## ABOUT THIS EXERCISE:
Copy every record word for word. Pictures are not part of the copy.

(Dataset entries)
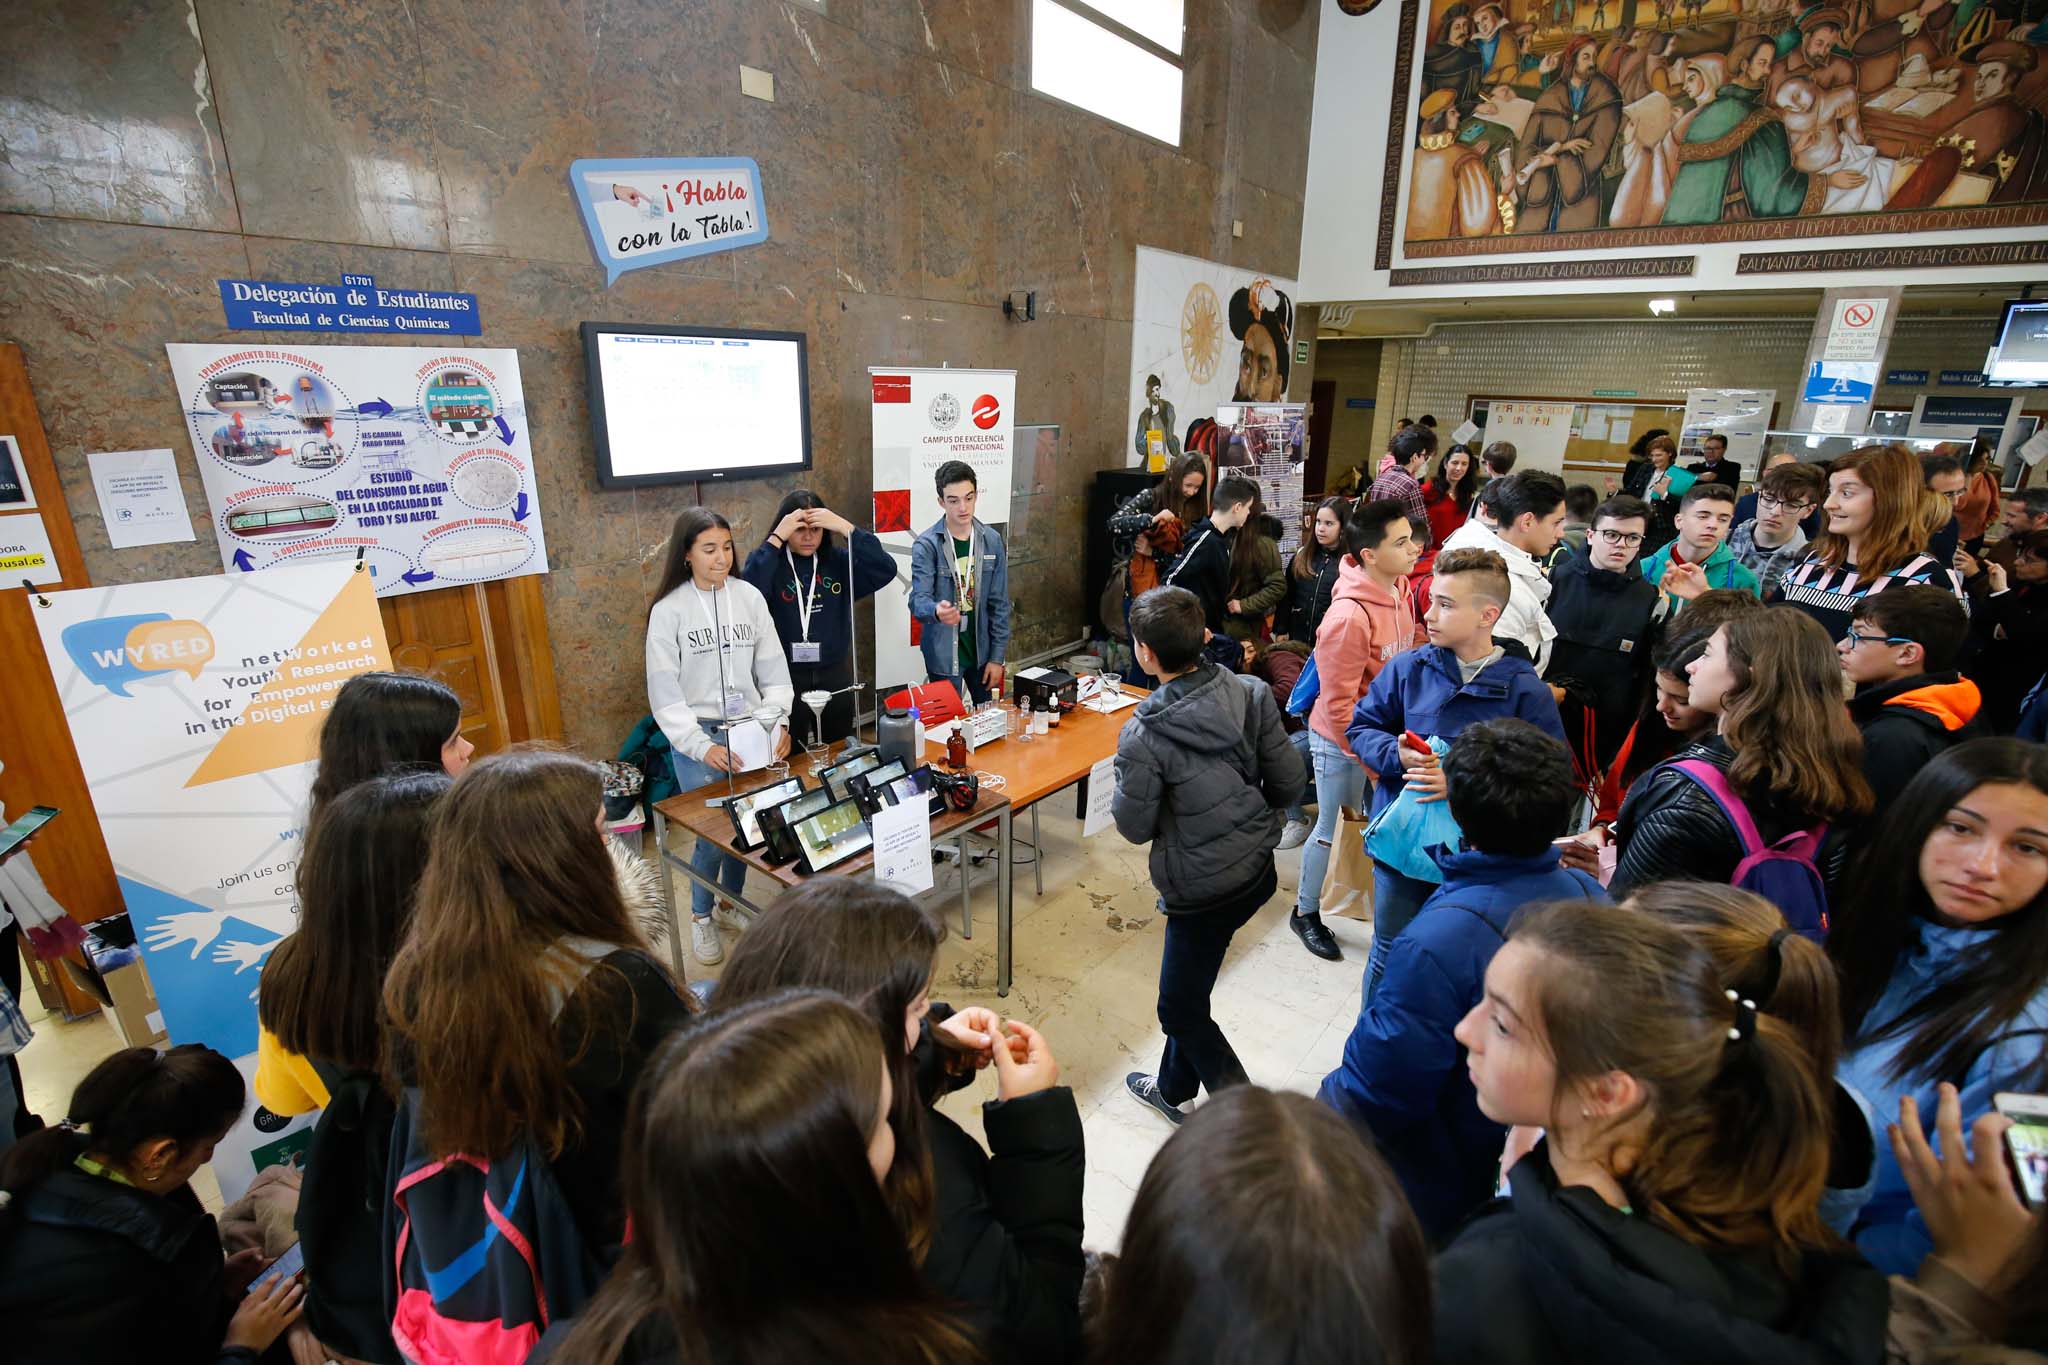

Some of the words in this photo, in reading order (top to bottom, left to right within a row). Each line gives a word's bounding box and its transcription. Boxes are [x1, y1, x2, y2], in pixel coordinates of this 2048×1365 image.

[662, 179, 747, 213] ¡Habla
[618, 230, 663, 252] con
[670, 222, 692, 242] la
[695, 210, 752, 239] Tabla!
[1863, 248, 1946, 266] ACADEMIAM
[344, 275, 373, 287] G1701
[231, 282, 338, 307] Delegación
[347, 289, 368, 306] de
[375, 290, 470, 312] Estudiantes
[252, 310, 310, 326] Facultad
[317, 313, 333, 326] de
[338, 314, 390, 328] Ciencias
[394, 316, 450, 330] Químicas
[266, 350, 281, 359] DEL
[281, 352, 325, 374] PROBLEMA
[214, 383, 248, 391] Captación
[1828, 376, 1851, 393] A
[922, 436, 953, 444] CAMPUS
[954, 435, 964, 443] DE
[965, 435, 1005, 443] EXCELENCIA
[951, 443, 1004, 452] INTERNACIONAL
[370, 470, 413, 484] ESTUDIO
[234, 484, 295, 501] CONCLUSIONES
[336, 489, 355, 501] DEL
[356, 485, 407, 500] CONSUMO
[409, 484, 421, 495] DE
[422, 482, 449, 494] AGUA
[348, 503, 361, 514] EN
[362, 502, 376, 513] LA
[376, 497, 429, 512] LOCALIDAD
[430, 496, 443, 507] DE
[357, 515, 385, 528] TORO
[386, 514, 393, 523] Y
[394, 513, 409, 524] SU
[410, 510, 440, 522] ALFOZ.
[334, 537, 379, 545] RESULTADOS
[92, 636, 210, 669] WYRED
[222, 668, 283, 690] Youth
[291, 653, 377, 678] Research
[203, 698, 231, 713] for
[185, 720, 206, 736] in
[211, 716, 245, 732] the
[250, 701, 316, 726] Digital
[217, 872, 250, 889] Join
[253, 866, 273, 879] us

## RESPONSE BELOW:
Some of the words in this photo, in reading order (top to bottom, left to right within a row). Each line gives a word's bounding box and its transcription. Boxes are [x1, y1, x2, y2], in pixel coordinates of this 2048×1365 image.

[662, 179, 747, 213] ¡Habla
[618, 230, 663, 252] con
[670, 222, 692, 242] la
[695, 210, 752, 239] Tabla!
[1863, 248, 1946, 266] ACADEMIAM
[344, 275, 373, 287] G1701
[231, 282, 338, 307] Delegación
[347, 289, 368, 306] de
[375, 290, 470, 312] Estudiantes
[252, 310, 310, 326] Facultad
[317, 313, 333, 326] de
[338, 314, 390, 328] Ciencias
[394, 316, 450, 330] Químicas
[266, 350, 281, 359] DEL
[281, 352, 325, 374] PROBLEMA
[214, 383, 248, 391] Captación
[1828, 376, 1851, 393] A
[922, 436, 953, 444] CAMPUS
[954, 435, 964, 443] DE
[965, 435, 1005, 443] EXCELENCIA
[951, 443, 1004, 452] INTERNACIONAL
[370, 470, 413, 484] ESTUDIO
[234, 484, 295, 501] CONCLUSIONES
[336, 489, 355, 501] DEL
[356, 485, 407, 500] CONSUMO
[409, 484, 421, 495] DE
[422, 482, 449, 494] AGUA
[348, 503, 361, 514] EN
[362, 502, 376, 513] LA
[376, 497, 429, 512] LOCALIDAD
[430, 496, 443, 507] DE
[357, 515, 385, 528] TORO
[386, 514, 393, 523] Y
[394, 513, 409, 524] SU
[410, 510, 440, 522] ALFOZ.
[334, 537, 379, 545] RESULTADOS
[92, 636, 210, 669] WYRED
[222, 668, 283, 690] Youth
[291, 653, 377, 678] Research
[203, 698, 231, 713] for
[185, 720, 206, 736] in
[211, 716, 245, 732] the
[250, 701, 316, 726] Digital
[217, 872, 250, 889] Join
[253, 866, 273, 879] us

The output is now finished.